International Journal of Radiation Oncology*Biology*Physics
Clinical InvestigationProton Radiation Therapy for the Treatment of Retinoblastoma
Introduction
Retinoblastoma is the most common intraocular malignancy of childhood, and nearly 300 new cases are diagnosed each year in the United States 1, 2. Approximately 60% of tumors are sporadic, whereas 40% are hereditary owing to germline loss or mutation of the RB1 tumor suppressor gene 2, 3. Sporadic cases of retinoblastoma are typically unilateral, whereas most patients with hereditary disease present with bilateral tumors. Although not uncommonly seen in developing countries, metastases are rare at diagnosis in North America; therefore, definitive management relies on effective treatment of the ocular tumor(s).
External beam radiation therapy (EBRT) has been used in the treatment of retinoblastoma for more than a century and was the preferred vision-sparing treatment approach for many years 4, 5, 6. Long-term eye preservation rates range from 50% to 100% in several large series, with outcomes better for early-stage versus advanced tumors 7, 8, 9. However, use of EBRT has decreased sharply over the past 2 decades owing to the advent of effective chemotherapeutic regimens as well as concern for radiation-induced side effects, including growth abnormalities and second malignancies 10, 11, 12, 13. Currently EBRT is typically reserved for cases of progressive or persistent disease after chemotherapy and focal treatment (cryotherapy or laser photocoagulation), or in advanced cases when vitreous or subretinal seeding is present 14, 15. Even in these advanced or refractory cases, ocular salvage and vision preservation can often be achieved 5, 7.

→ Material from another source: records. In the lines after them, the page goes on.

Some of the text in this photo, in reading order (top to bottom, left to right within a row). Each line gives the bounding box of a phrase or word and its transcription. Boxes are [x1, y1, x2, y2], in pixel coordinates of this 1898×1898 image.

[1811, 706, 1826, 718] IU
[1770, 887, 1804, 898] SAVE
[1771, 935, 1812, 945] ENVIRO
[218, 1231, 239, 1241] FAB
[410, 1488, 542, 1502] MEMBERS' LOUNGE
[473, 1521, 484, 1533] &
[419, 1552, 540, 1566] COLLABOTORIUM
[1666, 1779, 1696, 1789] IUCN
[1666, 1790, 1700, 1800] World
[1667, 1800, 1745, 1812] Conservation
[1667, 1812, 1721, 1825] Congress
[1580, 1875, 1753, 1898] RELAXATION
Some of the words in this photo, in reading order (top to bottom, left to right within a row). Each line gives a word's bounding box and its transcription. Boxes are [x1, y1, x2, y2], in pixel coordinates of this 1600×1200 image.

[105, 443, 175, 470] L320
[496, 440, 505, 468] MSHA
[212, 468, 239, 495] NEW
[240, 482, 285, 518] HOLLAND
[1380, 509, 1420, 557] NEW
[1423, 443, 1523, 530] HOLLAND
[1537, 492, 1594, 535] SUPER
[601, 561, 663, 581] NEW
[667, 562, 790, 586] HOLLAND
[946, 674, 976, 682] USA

External beam radiation therapy techniques have evolved significantly over time, and conformal photon techniques and proton RT (PRT) are now favored for treatment of retinoblastoma 16, 17. Because of its unique physical properties and lack of exit dose, PRT minimizes normal tissue exposure and may be associated with lower rates of radiation-induced normal tissue injury and malignancies compared with contemporary photon-based techniques (18). Proton RT has been used in the treatment of retinoblastoma at our institution since 1986, and here we report the long-term outcomes of patients treated with this approach.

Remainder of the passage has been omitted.